Faenza, quando la frollatura, sposa il pesce, lo chef Jacopo Ticchi «Ecco il mio Sancta Santorum del mare»
Riccardo Isola - La scuola di cucina Kwak, di Ascom-Faenza, nei giorni scorsi ha ospitato, in una masterclass da tutto esaurito, l’estro di Jacopo Ticchi. Giovane chef riminese, neanche trentenne, che si sta imponendo come uno dei volti, delle mani e delle teste più innovative e creative della Romagna a tavola. Una giovane età che lo ha visto fare la cosiddetta «gavetta», quella vera, non solo in giro per l’Italia ma anche e soprattutto per il mondo. Ed è proprio in una di queste tappe, precisamente in Australia, approda nella cucina di Josh Niland, pioniere indiscusso di una tecnica inedita per il pesce: la frollatura. Questa, infatti, viene soprattutto utilizzata nella macelleria delle carni e permette una stagionatura delicata e capace quello di rilassare le fibre della carne così da fargli acquistare maggiore morbidezza, gusto e digeribilità.
Chef, da dove nasce la voglia di importare in Italia una tecnica e un’offerta culinaria così inedita e particolare?

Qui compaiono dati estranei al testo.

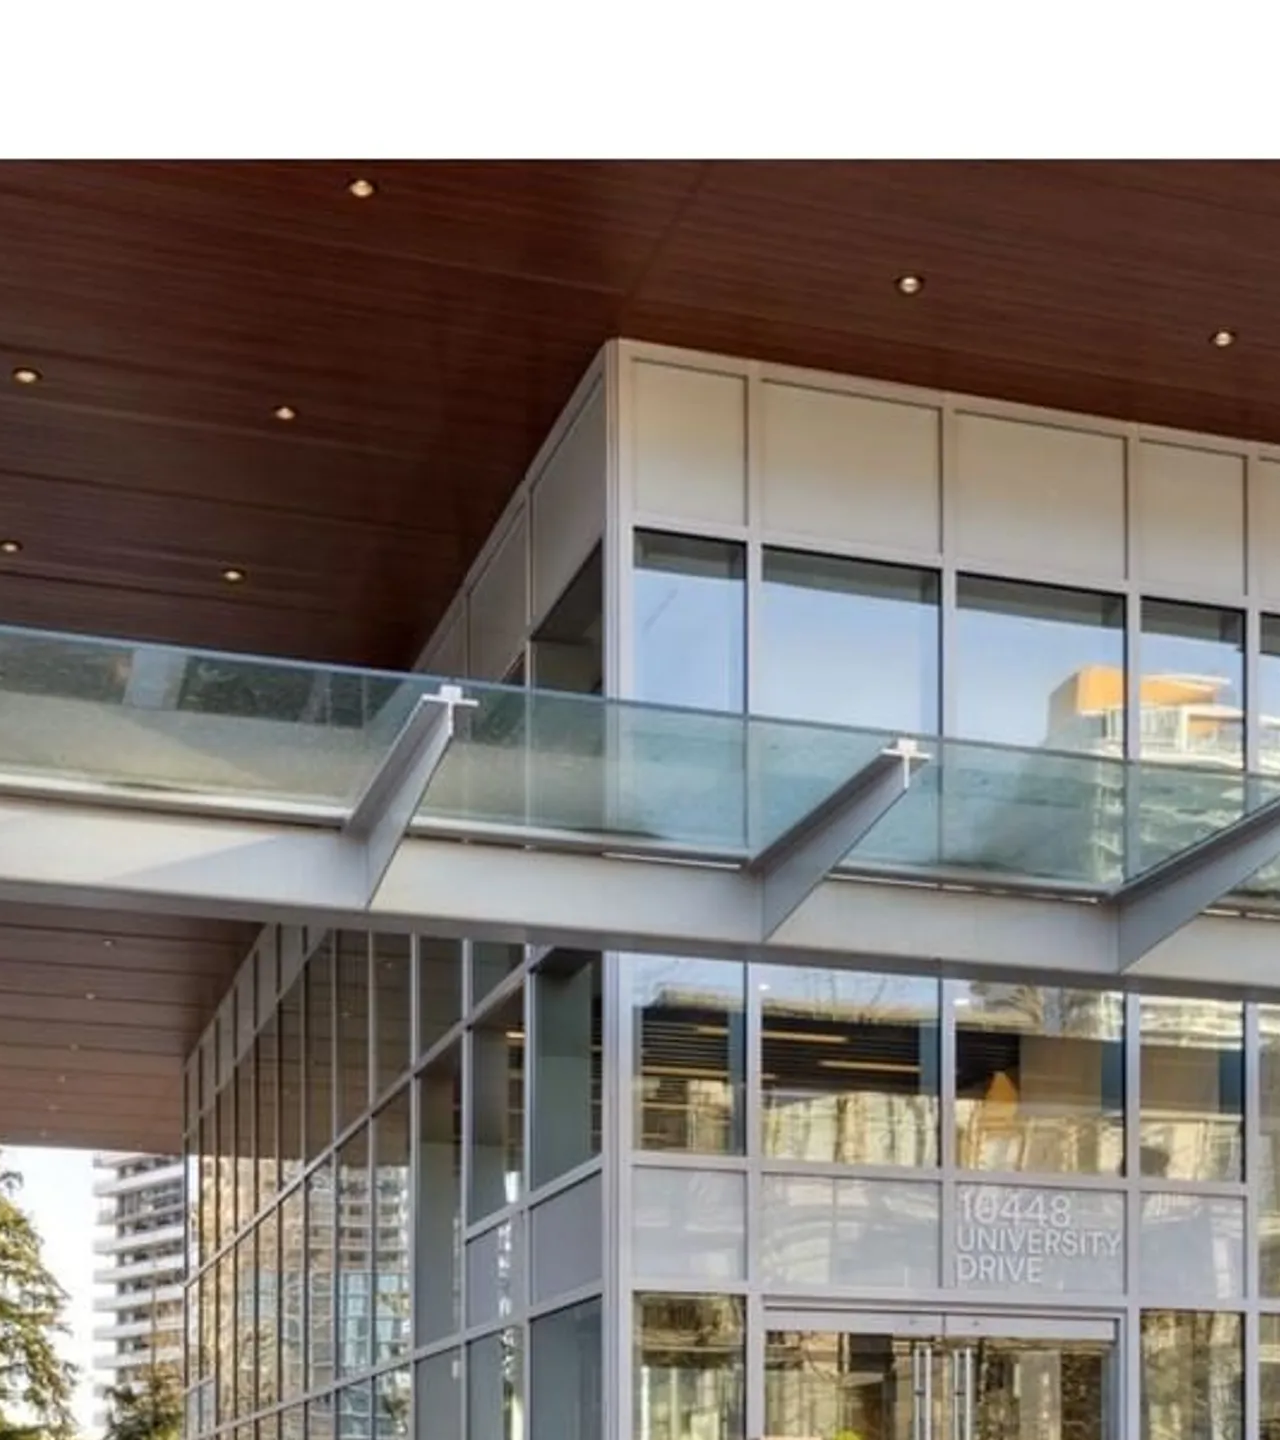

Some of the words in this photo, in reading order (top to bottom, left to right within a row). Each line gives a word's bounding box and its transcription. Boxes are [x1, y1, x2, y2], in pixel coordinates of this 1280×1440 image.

[960, 1189, 1072, 1228] 10448
[956, 1227, 1122, 1257] UNIVERSITY
[956, 1254, 1044, 1284] DRIVE

«Dalla mia voglia e innata caratteristica di essere curioso. Avevo in mente un progetto imprenditoriale personale, inizialmente basato sul mondo vegetale e sulla carne, poi ritornato a Rimini, per cause anche fortuite, nell’avventura intrapresa prima con Necessaire Bistrot, e poi, nel 2019, con la Trattoria da Lucio, l’innesco. La materia prima, il pesce, non manca e quindi in funzione delle tecniche apprese e dalla voglia di sperimentare è partita l’idea».

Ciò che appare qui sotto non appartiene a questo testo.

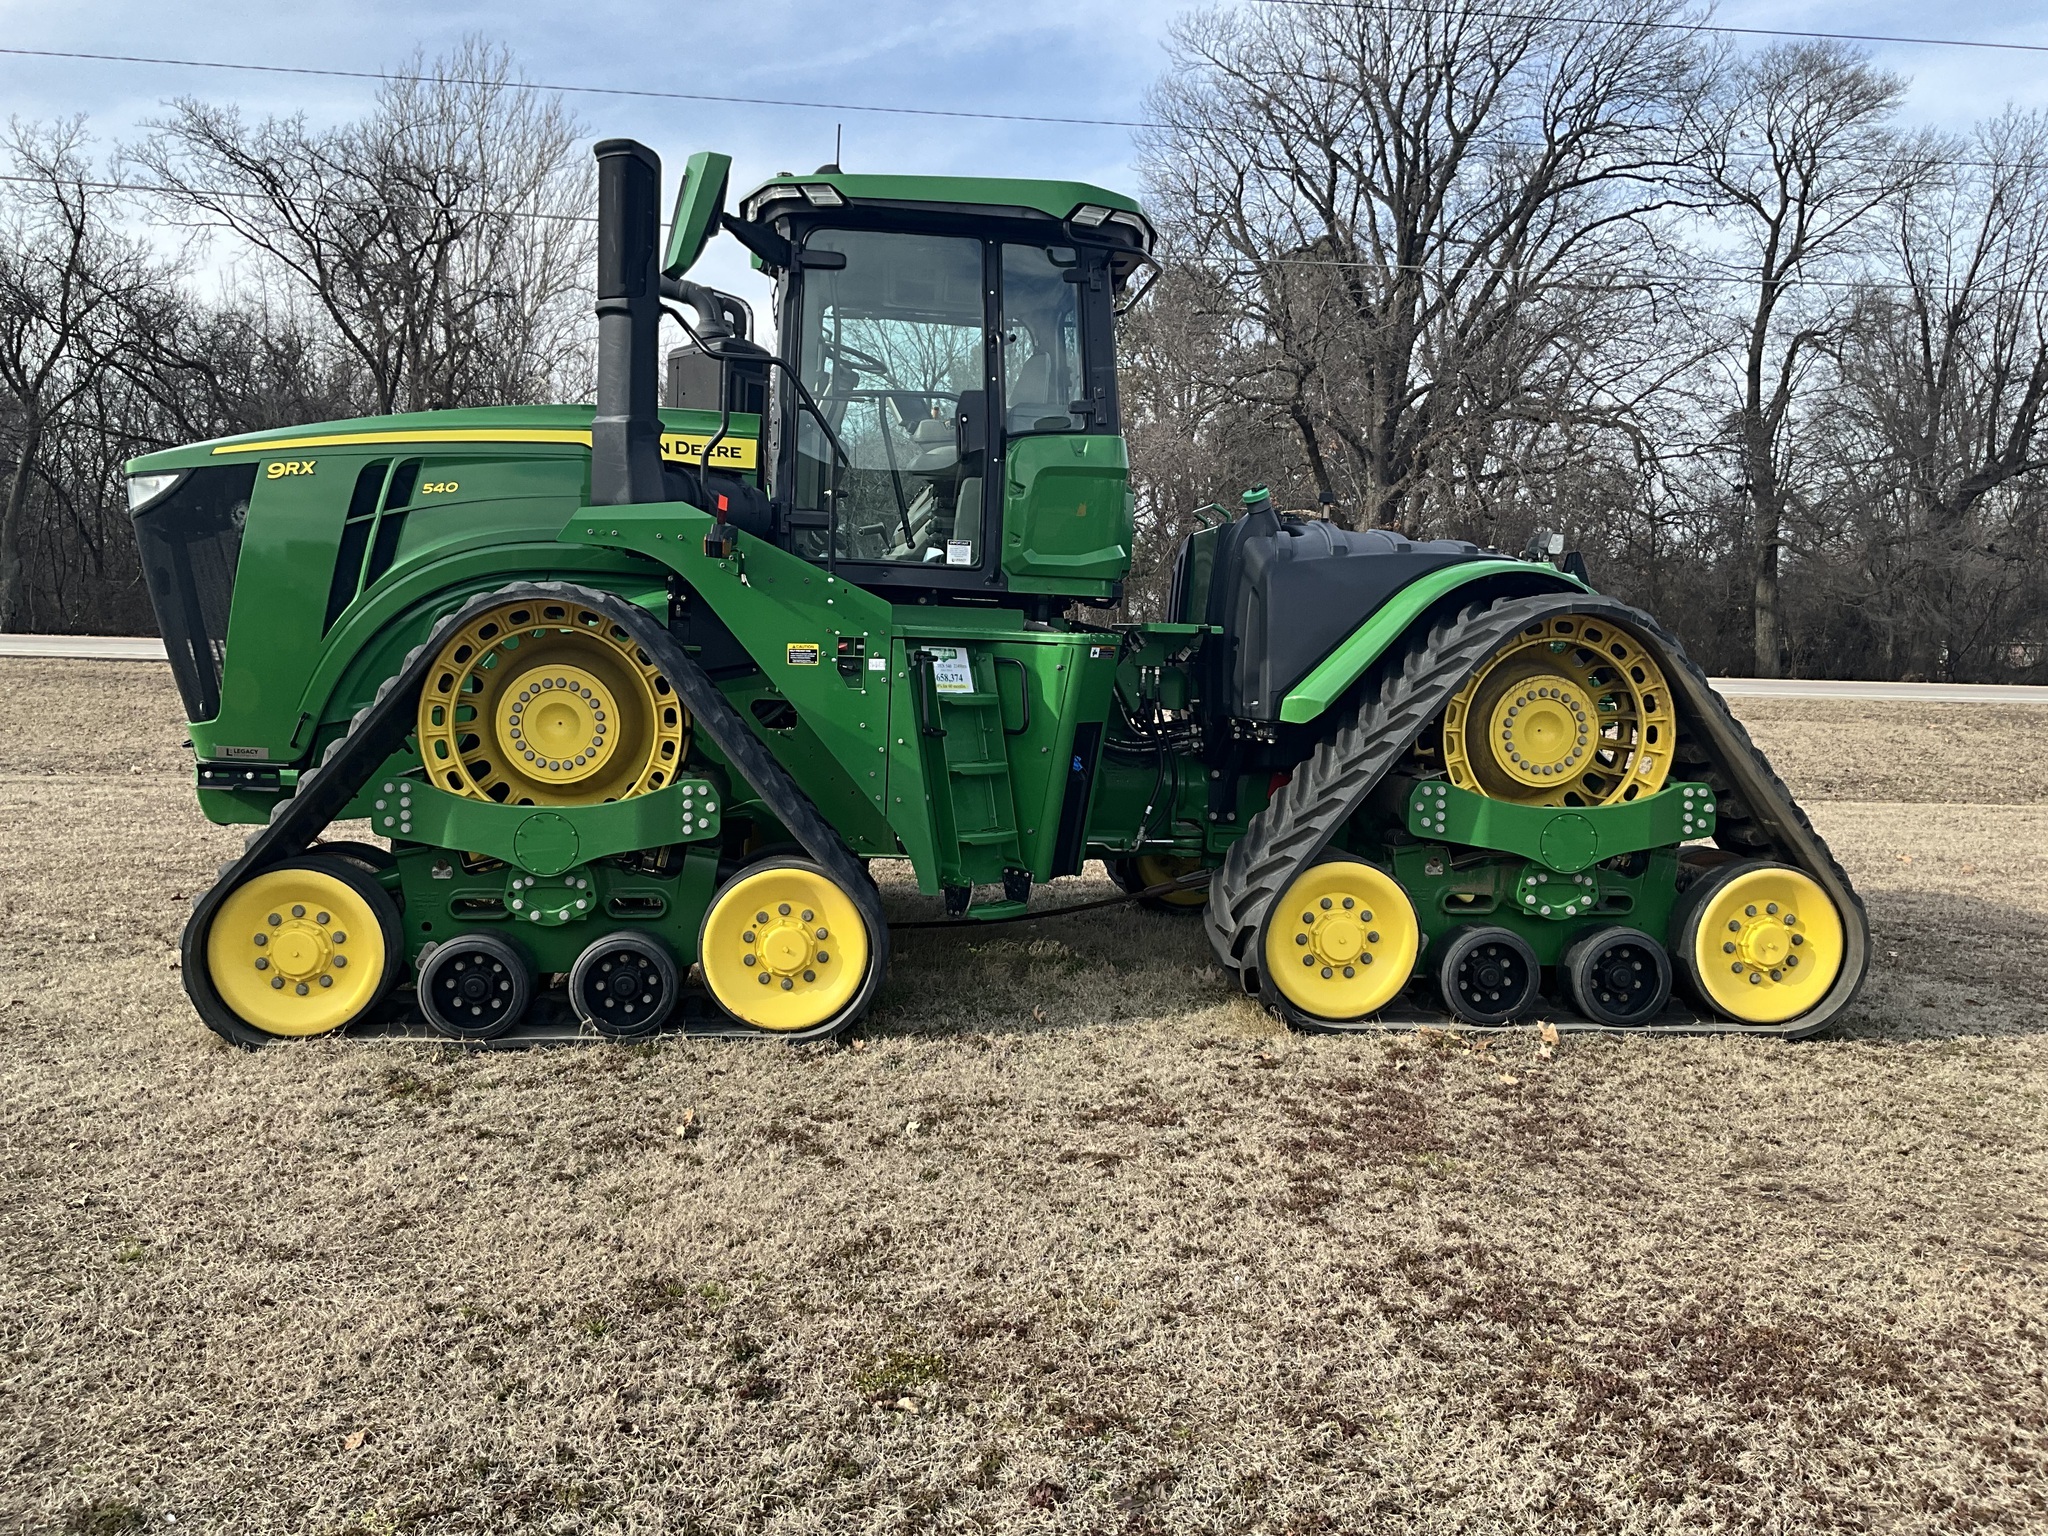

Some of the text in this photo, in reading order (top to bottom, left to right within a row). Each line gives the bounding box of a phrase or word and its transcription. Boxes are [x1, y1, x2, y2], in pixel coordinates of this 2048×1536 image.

[266, 460, 317, 480] 9RX
[421, 481, 460, 495] 540
[936, 673, 963, 683] 658,374

La frollatura del pesce quali caratteristiche dà alla materia prima, quali sensazioni al palato regala, e soprattutto che tipologia usa?
«Partiamo dalla materia prima. Tutto il pescato, che da noi è quello locale, del nostro mare, si può frollare. Però è meglio puntare su grandi pezzature, siamo arrivati anche a ricciole di 40 Kg, andando su ombrine, spigole, rombi e appunto ricciole. La tecnica consiste nel mettere il pesce all’interno di frigoriferi a temperatura e umidità controllate per alcuni giorni. Si può andare da quattro o cinque giorni fino a un mese di riposo. Questa tecnica rende il gusto più concentrato, non invadente, ma pieno e ricco. Cresce la succulenza, anche se la carne può sembrare più asciutta, più concentrazione e sapidità, ma sempre in un equilibrio molto fine tra delicatezza e identità della carne. Potremmo dire che si arriva al cuore del gusto».

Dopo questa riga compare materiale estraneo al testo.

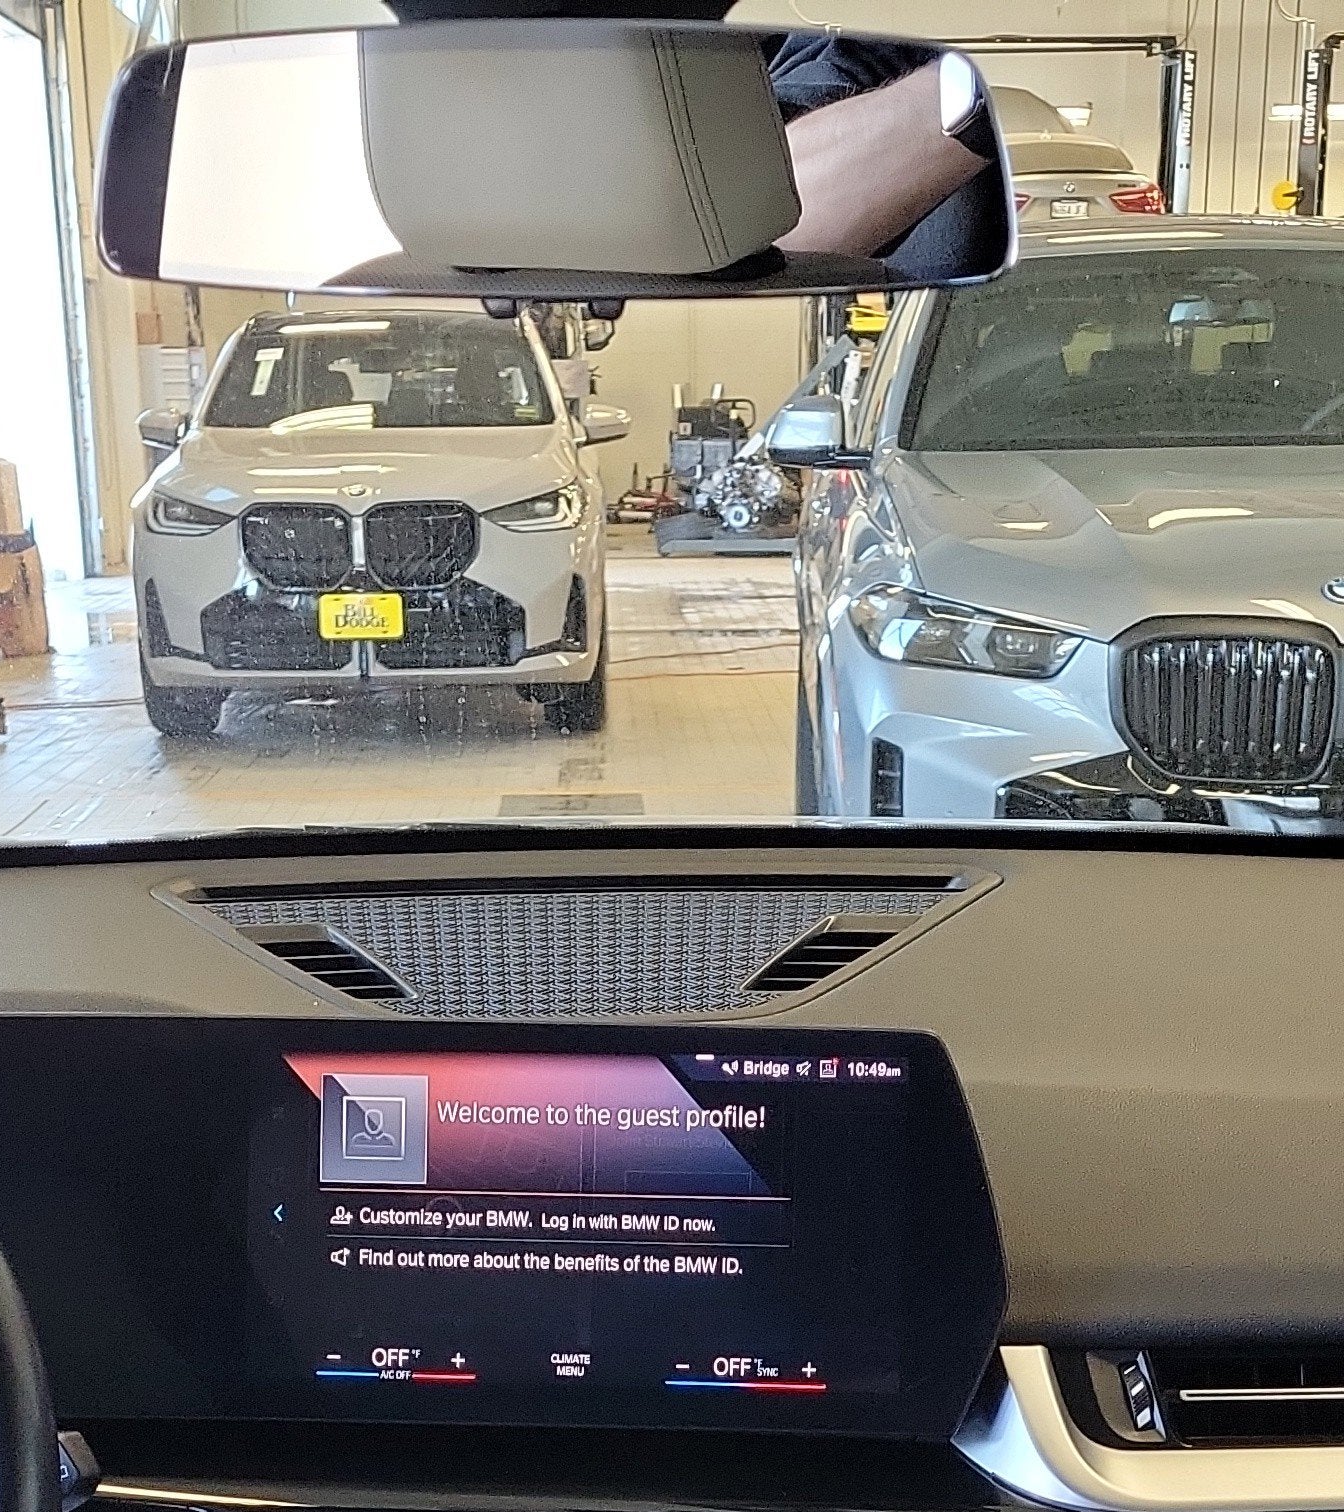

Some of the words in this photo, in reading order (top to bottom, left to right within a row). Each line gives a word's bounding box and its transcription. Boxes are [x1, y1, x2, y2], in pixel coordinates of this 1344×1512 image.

[1183, 51, 1195, 81] LIFT
[1306, 51, 1319, 80] LIFT
[1303, 83, 1317, 137] ROTARY
[743, 1060, 790, 1077] Bridge
[847, 1062, 901, 1077] 10:49am
[437, 1100, 540, 1125] Welcome
[546, 1104, 569, 1125] to
[574, 1103, 610, 1126] the
[617, 1107, 680, 1131] guest
[685, 1105, 766, 1131] profile!
[359, 1207, 443, 1225] Customize
[445, 1211, 483, 1229] your
[486, 1210, 533, 1228] BMW.
[541, 1213, 569, 1231] Log
[572, 1213, 586, 1229] in
[588, 1213, 618, 1230] with
[621, 1214, 660, 1231] BMW
[663, 1215, 680, 1231] ID
[683, 1218, 716, 1232] now.
[359, 1248, 394, 1266] Find
[397, 1251, 425, 1267] out
[428, 1254, 470, 1268] more
[473, 1252, 521, 1269] about
[523, 1252, 550, 1270] the
[554, 1253, 620, 1272] benefits
[623, 1254, 641, 1272] of
[643, 1255, 670, 1273] the
[674, 1256, 718, 1274] BMW
[721, 1257, 743, 1275] ID.
[371, 1347, 410, 1368] OFF
[550, 1353, 591, 1365] CLIMATE
[713, 1357, 752, 1377] OFF
[396, 1370, 411, 1380] OFF
[556, 1365, 585, 1377] MENU
[756, 1367, 779, 1377] SYNC

Sapori e consistenze che sono per tutti quindi?
«Per chi ama il pesce sicuramente. Con la frollatura si acquista più sostanza con gusti che da acquosi e semplici diventano più ricchi e complessi, ma sempre molto godibile e anche digeribili».
A proposito di cuore, lei è famoso anche per essere uno chef che del pesce non butta via nulla, comprese le frattaglie?
«Certo, questa è una materia prima nobilissima, in un comparto, quello della pesca, che non è facile poterlo definire sostenibile. Quindi non solo filetti tradizionali ma anche e soprattutto tagli minori e componenti più poveri. Cuore, polmoni, uova, fegato, vescica natatoria, tutto può essere usato se ne conoscono le caratteristi e le potenzialità organolettiche. E’ anche un modo per rendere la cucina sostenibile, amica del mare e rispettosa. Il pesce, soprattutto quello che lavoriamo noi, è un gioiello del mare e per questo va rispettato»
Infine alla luce delle polemiche attuali sul comparto e soprattutto sulla crisi di manodopera anche in ambito ristorativo quali sono i consigli che si sente di dare a chi ha voglia d’intraprendere questo mestiere?
«Di essere disposto anche a sacrifici, ma che saranno ricompensati. Ho avuto, e tutt’ora ho paura anche io di ritrovarmi in questa situazione, problemi di personale, soprattutto in sala. La ristorazione è un mondo complesso e fortemente stressante, ma sa regalare anche immense soddisfazione. Il mio consiglio? Beh direi semplice: percorrere una strada, assecondarla magari specializzandosi raccontando qualcosa di proprio, di intimo. Questo per cercare di dare e fare uscire l’anima in quello che si sta facendo e proponendo. Serve curiosità e rispetto, soprattutto in cucina, perché la ristorazione ha logiche complicate e complesse da riuscire a gestire».